Updated: May 17, 2020

This pizza dough is unlike any other. It's your perfect doughy, crispy, thin crust pizza packed with yummy herbs and a hint of parmesan for delicious flavor. The cheesiest part? It's low in carbs and high in protein! Only a few ingredients and you have homemade pizza crust baked in the oven!

We even included recipes for our #brainsandbalance recommended top 5 pizzas, check out our printer friendly guide at the end of this recipe for the how to's!
The Top 5: 1. Margarita 2. Spinach and Artichoke 3. Buffalo Chicken 4. Veggie 5. Pear and Prosciutto.

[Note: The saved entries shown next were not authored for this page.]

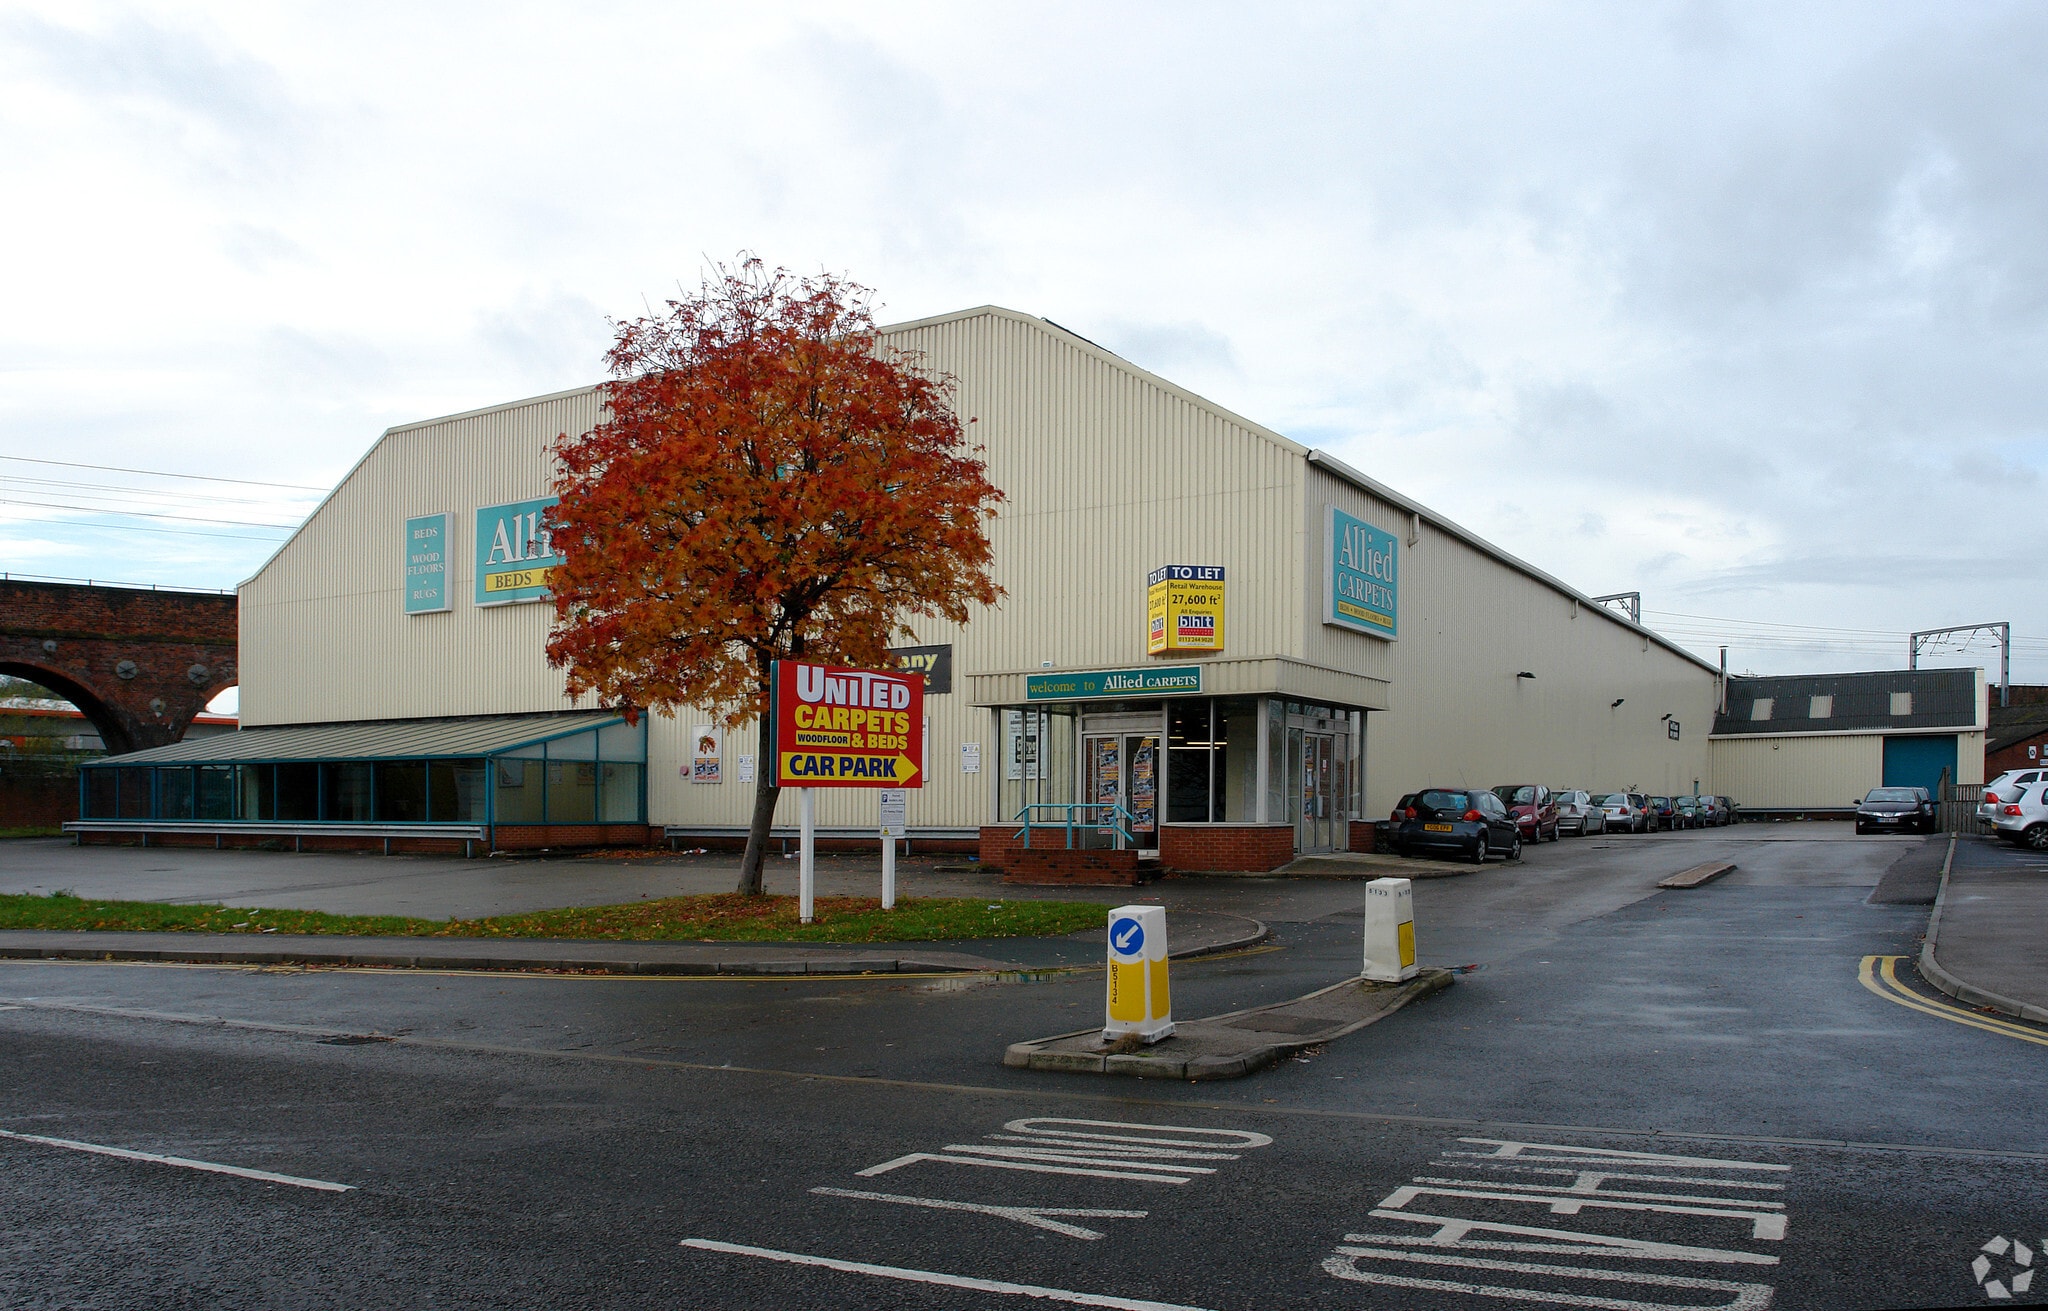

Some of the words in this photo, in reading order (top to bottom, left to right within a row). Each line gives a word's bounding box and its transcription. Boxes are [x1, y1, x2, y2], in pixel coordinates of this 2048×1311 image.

[414, 528, 438, 540] BEDS
[486, 512, 566, 565] Alli
[412, 552, 440, 563] WOOD
[1338, 522, 1393, 582] Allied
[408, 563, 444, 575] FLOORS
[1149, 572, 1156, 585] TO
[1157, 568, 1167, 582] LET
[1172, 567, 1192, 578] TO
[1198, 568, 1220, 579] LET
[495, 572, 532, 588] BEDS
[413, 588, 437, 600] RUGS
[1172, 594, 1206, 605] 27,600
[1338, 572, 1393, 611] CARPETS
[796, 665, 910, 710] UNITED
[1029, 680, 1076, 693] welcome
[1084, 681, 1095, 691] to
[1103, 674, 1143, 690] Allied
[1146, 675, 1197, 688] CARPETS
[794, 704, 910, 734] CARPETS
[797, 733, 848, 744] WOODFLOOR
[851, 732, 864, 748] &
[868, 734, 908, 750] BEDS
[789, 755, 835, 776] CAR
[839, 757, 897, 778] PARK
[807, 1117, 1274, 1240] ONLY
[1321, 1137, 1792, 1311] AHEAD

Keep scrolling for all of the recipes!

That perfect golden bottom and bubbles of melted cheese. You wouldn't believe how healthy and low carb the dough is! Yeast can be hard to come across in the stores these days and this dough is made with just 6 basic ingredients- none of which are yeast. I have made this dough countless times and learned a few tricks along the way. I like to chill the dough a bit so it's easier to handle and doesn't stick. I also like to save half the parmesan to use to "flour my surface" when rolling it out.

This margarita pizza is a classic, scroll down to check out the printer friendly guide to our top 5 pizza recipes!
I think my favorite part about this dough is how versatile it is. With a few tweaks I use it to make freshly baked or air fried bagels, rolls, these calzones, and even this chicken pot pie crust!

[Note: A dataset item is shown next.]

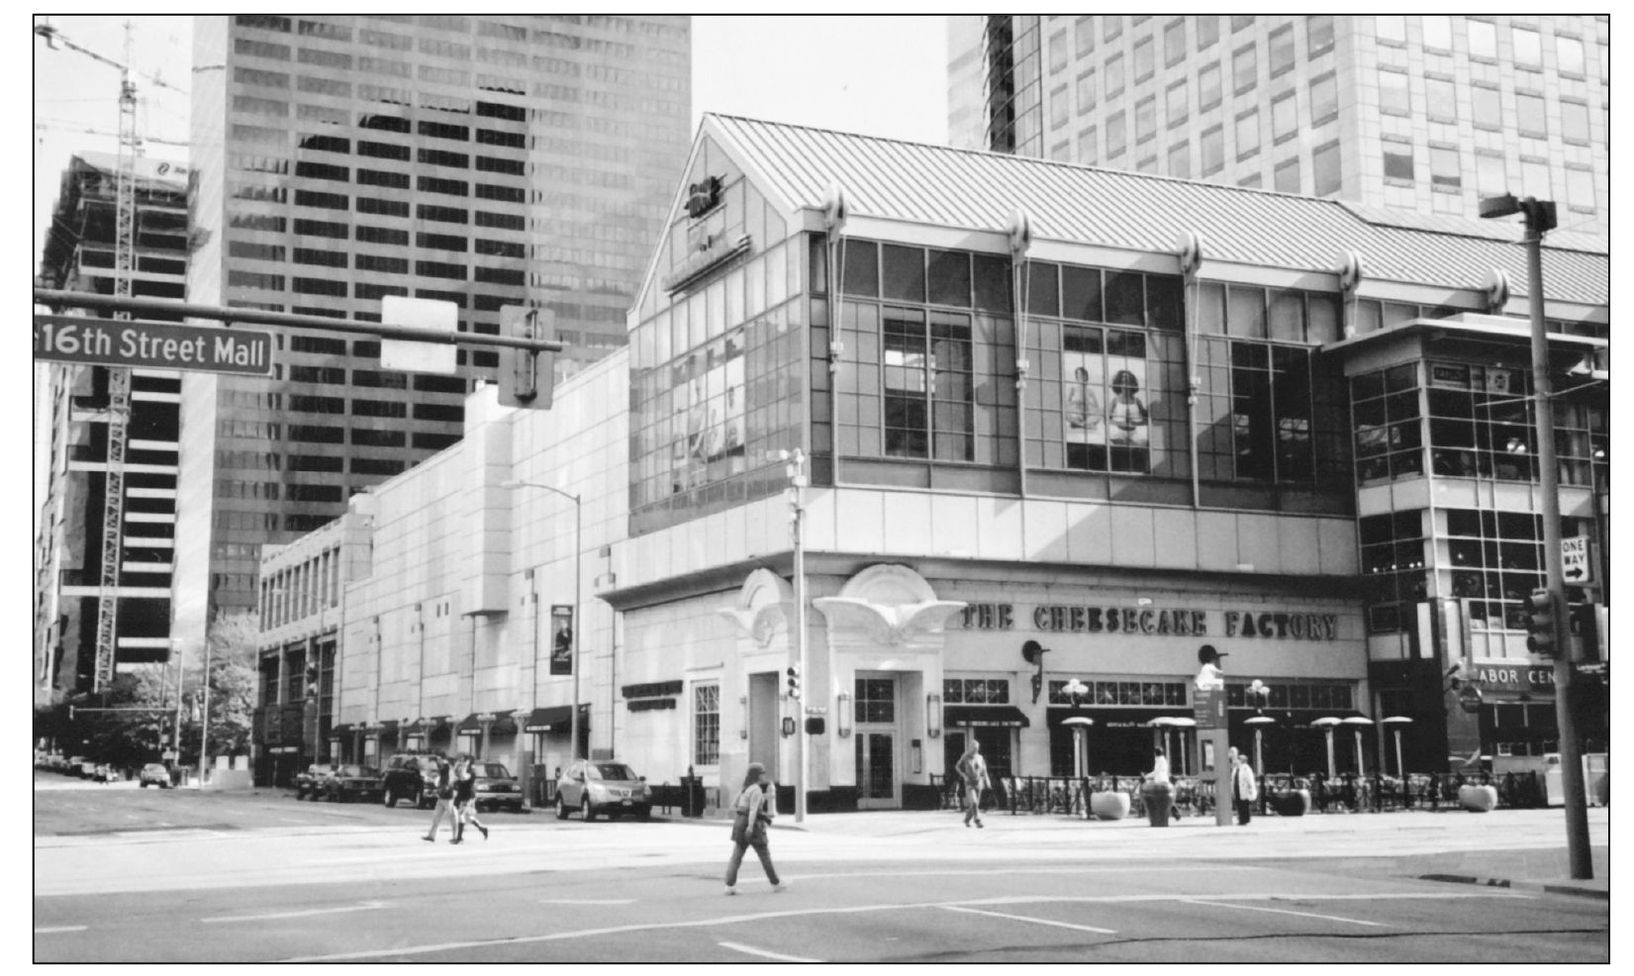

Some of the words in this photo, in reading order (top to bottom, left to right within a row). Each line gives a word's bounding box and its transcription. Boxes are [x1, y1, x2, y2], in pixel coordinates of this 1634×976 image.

When I first created this recipe I always made my pizza on a baking sheet in a very hot oven. This method is successful, simple and always delicious but as we approach the summer months I can't bring myself to turn the oven on to 500F. Instead, I trialed an entirely new cooking method for this pizza dough, on the grill!

It came out so good, I may only make pizza on the grill going forward.

The dough gets those gorgeous grill marks and puffs up like my favorite Neapolitan style pizza. It's easy, cooks in half the time compared to baking and keeps the heat out of your kitchen!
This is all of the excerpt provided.